-------- PROVIDED DATA --------

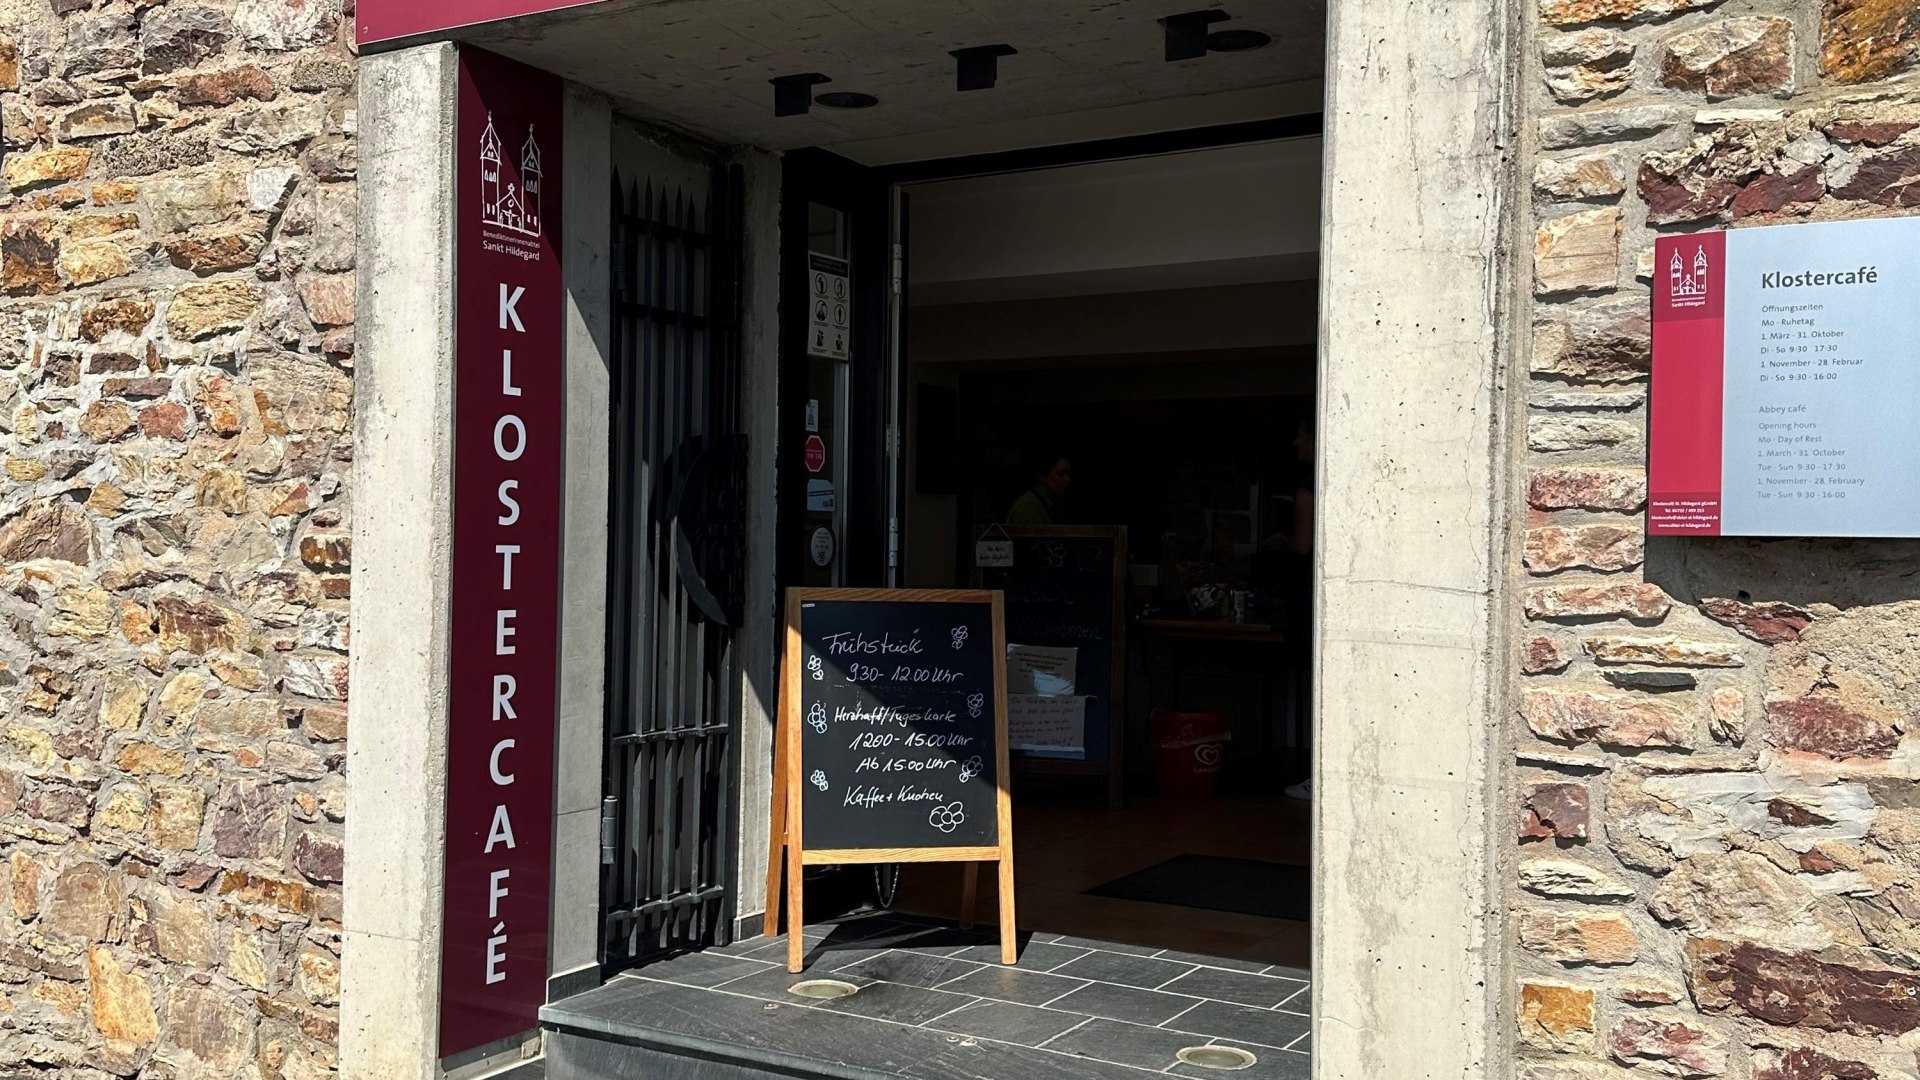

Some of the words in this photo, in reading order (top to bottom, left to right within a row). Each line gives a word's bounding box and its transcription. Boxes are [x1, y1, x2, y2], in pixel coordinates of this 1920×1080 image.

[482, 240, 504, 253] Sankt
[505, 245, 540, 261] Hildegard
[1762, 266, 1878, 289] Klostercafé
[1761, 303, 1824, 313] Öffnungszeiten
[1781, 317, 1815, 326] Ruhetag
[1770, 332, 1790, 340] März
[1811, 330, 1845, 338] Oktober
[1769, 360, 1811, 368] November
[1832, 358, 1864, 366] Februar
[1758, 405, 1786, 415] Abbey
[1788, 404, 1806, 413] café
[1758, 422, 1792, 431] Opening
[1793, 421, 1817, 429] hours
[1777, 436, 1794, 444] Day
[1795, 435, 1804, 443] of
[1805, 435, 1822, 443] Rest
[1766, 449, 1792, 457] March
[1766, 477, 1808, 485] November
[1828, 477, 1865, 486] February
[485, 283, 527, 985] KLOSTERCAFÉ
[931, 667, 964, 683] Uhr
[947, 732, 974, 746] Uhr
[855, 756, 879, 773] Ab
[925, 757, 957, 770] Uhr
[897, 785, 944, 801] Kuchen

--------

> _YOUR GOAL_
Restate the whole listing word for word. Omit the pictures.

> _COMPLETED EXERCISE_
Some of the words in this photo, in reading order (top to bottom, left to right within a row). Each line gives a word's bounding box and its transcription. Boxes are [x1, y1, x2, y2], in pixel coordinates of this 1920×1080 image.

[482, 240, 504, 253] Sankt
[505, 245, 540, 261] Hildegard
[1762, 266, 1878, 289] Klostercafé
[1761, 303, 1824, 313] Öffnungszeiten
[1781, 317, 1815, 326] Ruhetag
[1770, 332, 1790, 340] März
[1811, 330, 1845, 338] Oktober
[1769, 360, 1811, 368] November
[1832, 358, 1864, 366] Februar
[1758, 405, 1786, 415] Abbey
[1788, 404, 1806, 413] café
[1758, 422, 1792, 431] Opening
[1793, 421, 1817, 429] hours
[1777, 436, 1794, 444] Day
[1795, 435, 1804, 443] of
[1805, 435, 1822, 443] Rest
[1766, 449, 1792, 457] March
[1766, 477, 1808, 485] November
[1828, 477, 1865, 486] February
[485, 283, 527, 985] KLOSTERCAFÉ
[931, 667, 964, 683] Uhr
[947, 732, 974, 746] Uhr
[855, 756, 879, 773] Ab
[925, 757, 957, 770] Uhr
[897, 785, 944, 801] Kuchen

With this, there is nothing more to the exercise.